Il reato negli altri Paesi europei

L’opportunità di tale intervento legislativo è, altresì, evidenziata dal fatto che già altri Paesi europei hanno provveduto ad introdurre fattispecie ad hoc (ad esempio, in Svezia, sin dal 1983, è sanzionata penalmente qualsiasi forma di mutilazione dei genitali femminili, pur se solo con un massimo di due anni di reclusione, ma con una pena maggiore se dalla mutilazione deriva pericolo di morte; in Gran Bretagna, sin dal 1985, costituisce reato, fra l’altro, «tagliare, infibulare o in qualsiasi modo mutilare le grandi e piccole labbra in tutto o in parte e la clitoride»).

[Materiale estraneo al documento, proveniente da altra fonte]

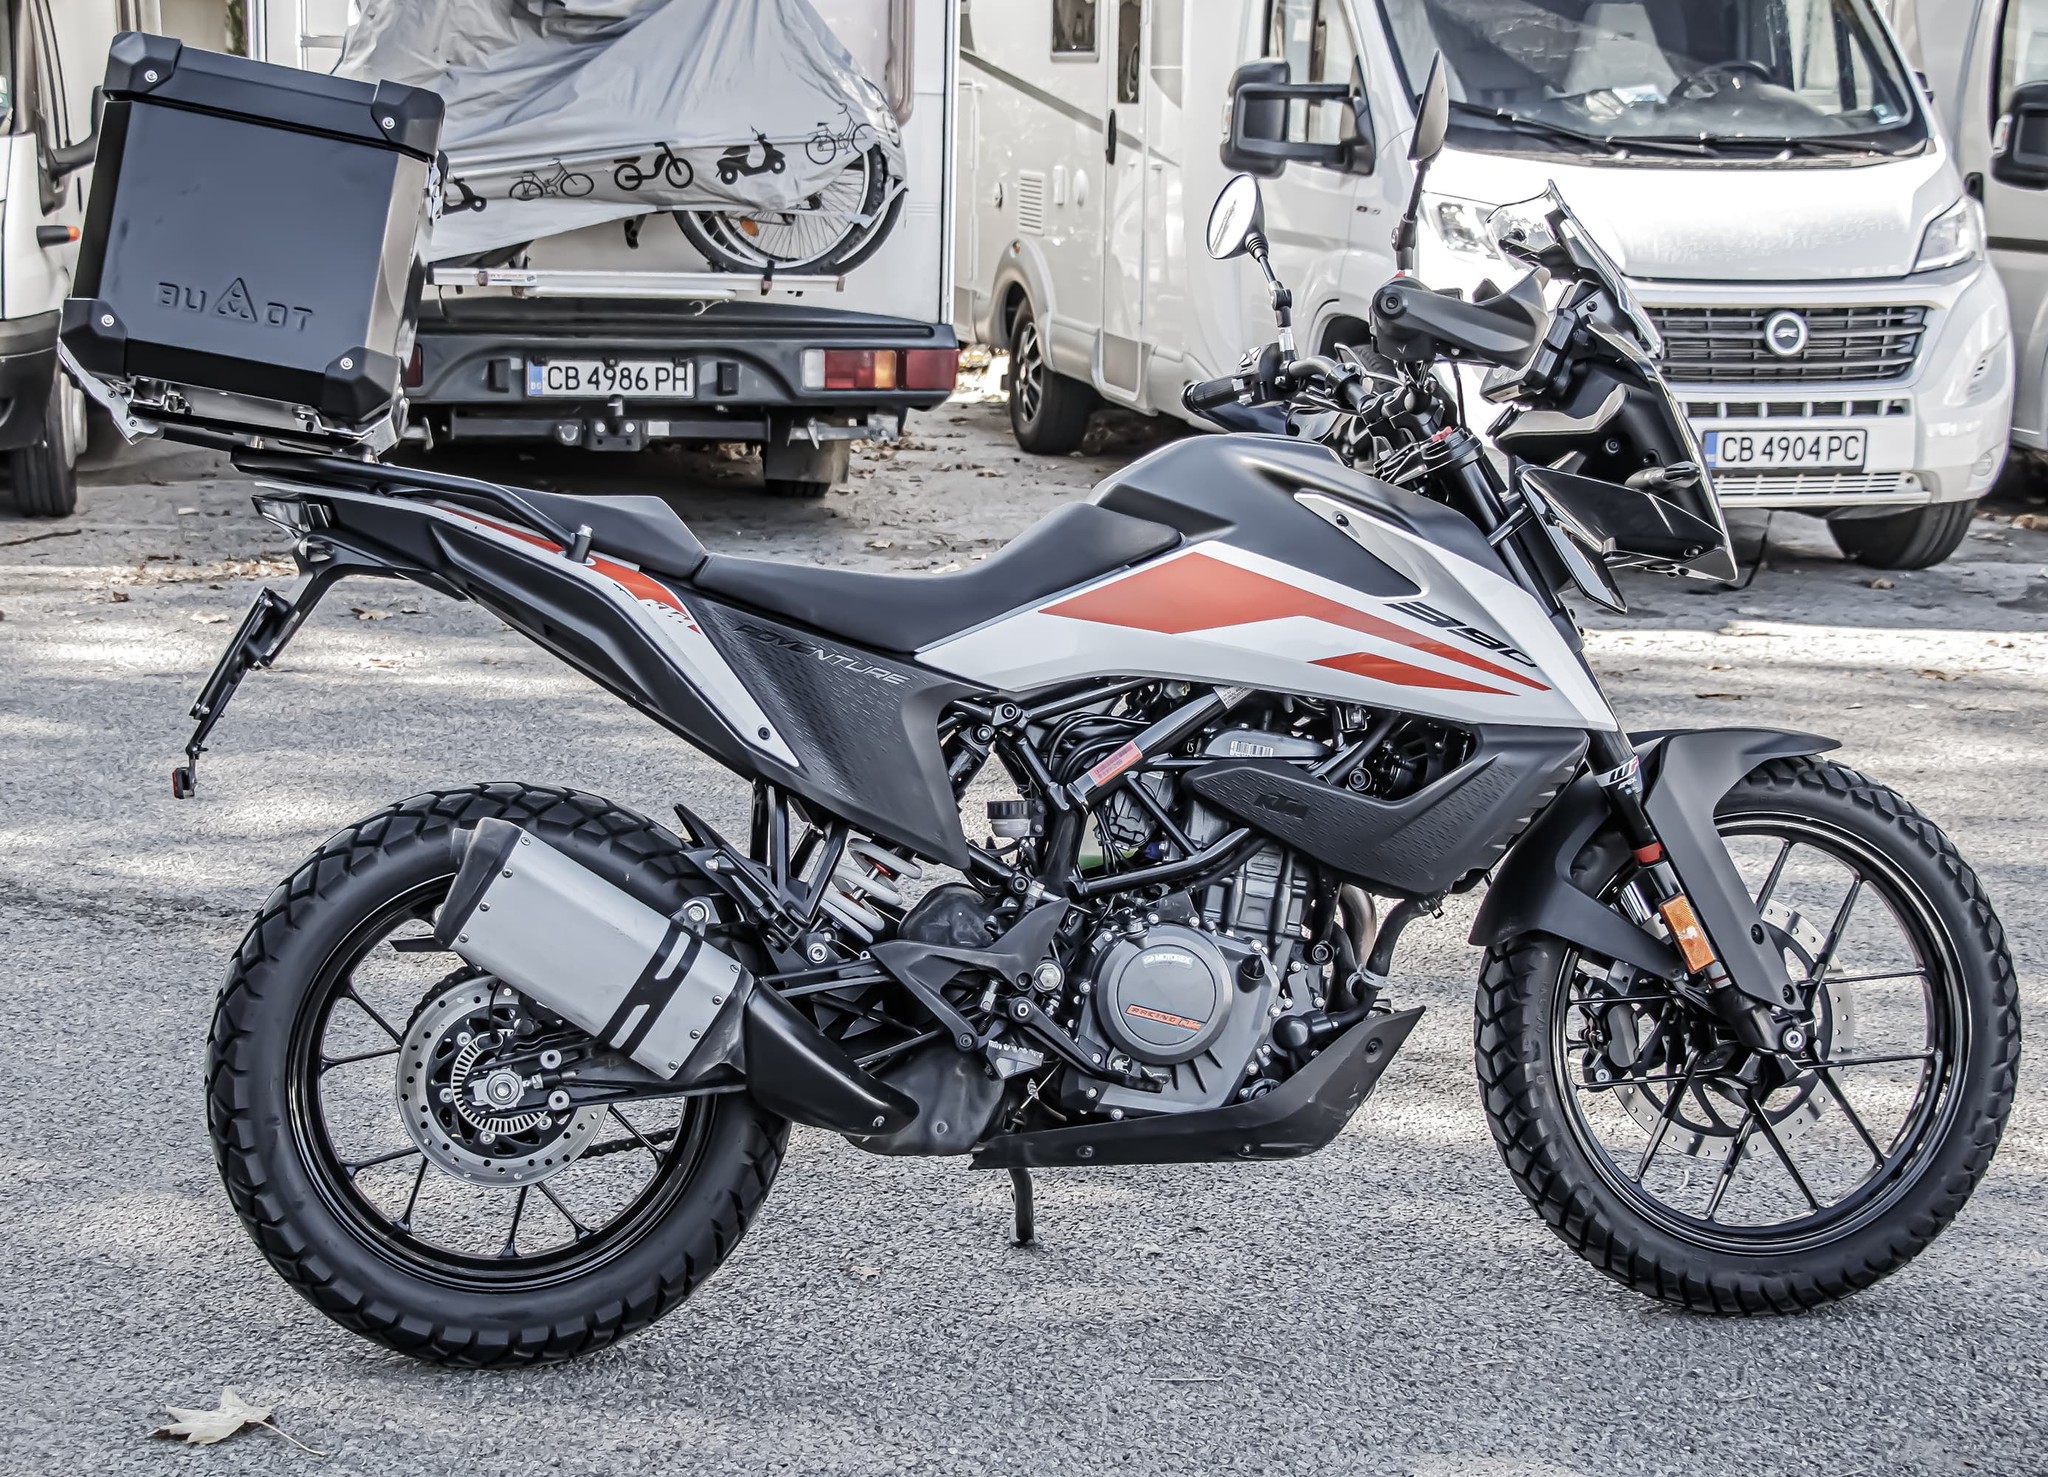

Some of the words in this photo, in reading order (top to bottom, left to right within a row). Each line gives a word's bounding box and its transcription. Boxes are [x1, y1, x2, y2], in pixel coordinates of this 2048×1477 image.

Il ripudio di tali inammissibili aggressioni dell’integrità fisica è, peraltro, ricavabile, in modo più o meno chiaro e cogente, dalle previsioni normative di numerose dichiarazioni, patti e convenzioni internazionali, ratificati in Italia, fra le quali la Dichiarazione universale dei diritti umani (1948), la Convenzione sull’eliminazione di tutte le forme di discriminazione razziale (1969), la Convenzione contro la tortura (1984), la Convenzione contro ogni forma di discriminazione contro le donne (1979, nota con l’acronimo «Cedaw»), cui vanno aggiunti la Dichiarazione ed il Programma di azione adottati a Pechino il 15-9-1995 nella quarta Conferenza mondiale delle Nazioni Unite sulle donne, nonché, a livello di legislazione «interna», gli artt. 2, 3 e 32 della Costituzione, alla cui attuazione è «consacrata» la L. 7/2006. Tale provvedimento è, altresì, in linea con quanto affermato dal Parlamento europeo nel settembre 2001, considerando le mutilazioni genitali come «gravissima lesione della salute fisica, mentale e riproduttiva delle donne e delle bambine», ed invitando gli Stati membri a considerarle come «reato all’integrità della persona».

Struttura oggettiva e soggettiva della fattispecie ex comma 1

Il comma 1 della previsione in commento sanziona penalmente il cagionare una mutilazione di organi genitali femminili, specificando (per vero pleonasticamente) che la condotta rileva penalmente solo ove non trovi giustificazione in esigenze terapeutico-curative della vittima.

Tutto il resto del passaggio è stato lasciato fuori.